• **EXERCISE**
Everything from the line containing "Some of the words" to the end of the records below should be repeated exactly, with no other lines added.

--- START ---

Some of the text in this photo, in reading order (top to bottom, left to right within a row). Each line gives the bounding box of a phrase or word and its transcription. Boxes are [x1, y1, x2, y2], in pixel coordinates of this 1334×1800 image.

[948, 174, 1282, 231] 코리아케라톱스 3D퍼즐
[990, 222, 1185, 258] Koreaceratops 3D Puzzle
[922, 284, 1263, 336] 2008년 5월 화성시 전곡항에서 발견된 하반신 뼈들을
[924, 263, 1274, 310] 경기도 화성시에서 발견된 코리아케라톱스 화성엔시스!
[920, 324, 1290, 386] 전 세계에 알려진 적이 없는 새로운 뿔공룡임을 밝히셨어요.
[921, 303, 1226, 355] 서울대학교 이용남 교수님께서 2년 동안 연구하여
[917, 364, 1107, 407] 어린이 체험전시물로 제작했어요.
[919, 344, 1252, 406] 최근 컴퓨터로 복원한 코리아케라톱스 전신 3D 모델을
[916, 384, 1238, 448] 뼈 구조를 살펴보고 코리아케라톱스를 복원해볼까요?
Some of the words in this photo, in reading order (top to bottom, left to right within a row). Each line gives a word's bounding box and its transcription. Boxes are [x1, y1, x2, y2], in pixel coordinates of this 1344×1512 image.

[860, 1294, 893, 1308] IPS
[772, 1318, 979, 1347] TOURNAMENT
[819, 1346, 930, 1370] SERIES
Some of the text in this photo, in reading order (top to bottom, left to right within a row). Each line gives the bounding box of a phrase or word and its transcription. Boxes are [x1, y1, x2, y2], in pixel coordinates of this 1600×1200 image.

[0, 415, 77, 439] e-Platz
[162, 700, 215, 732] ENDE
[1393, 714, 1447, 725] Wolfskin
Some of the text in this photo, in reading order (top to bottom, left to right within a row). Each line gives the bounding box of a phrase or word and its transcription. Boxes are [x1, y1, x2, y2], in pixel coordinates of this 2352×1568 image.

--- END ---

• **EXERCISE RESPONSE**
Some of the words in this photo, in reading order (top to bottom, left to right within a row). Each line gives a word's bounding box and its transcription. Boxes are [x1, y1, x2, y2], in pixel coordinates of this 1344×1512 image.

[860, 1294, 893, 1308] IPS
[772, 1318, 979, 1347] TOURNAMENT
[819, 1346, 930, 1370] SERIES
Some of the text in this photo, in reading order (top to bottom, left to right within a row). Each line gives the bounding box of a phrase or word and its transcription. Boxes are [x1, y1, x2, y2], in pixel coordinates of this 1600×1200 image.

[0, 415, 77, 439] e-Platz
[162, 700, 215, 732] ENDE
[1393, 714, 1447, 725] Wolfskin
Some of the text in this photo, in reading order (top to bottom, left to right within a row). Each line gives the bounding box of a phrase or word and its transcription. Boxes are [x1, y1, x2, y2], in pixel coordinates of this 2352×1568 image.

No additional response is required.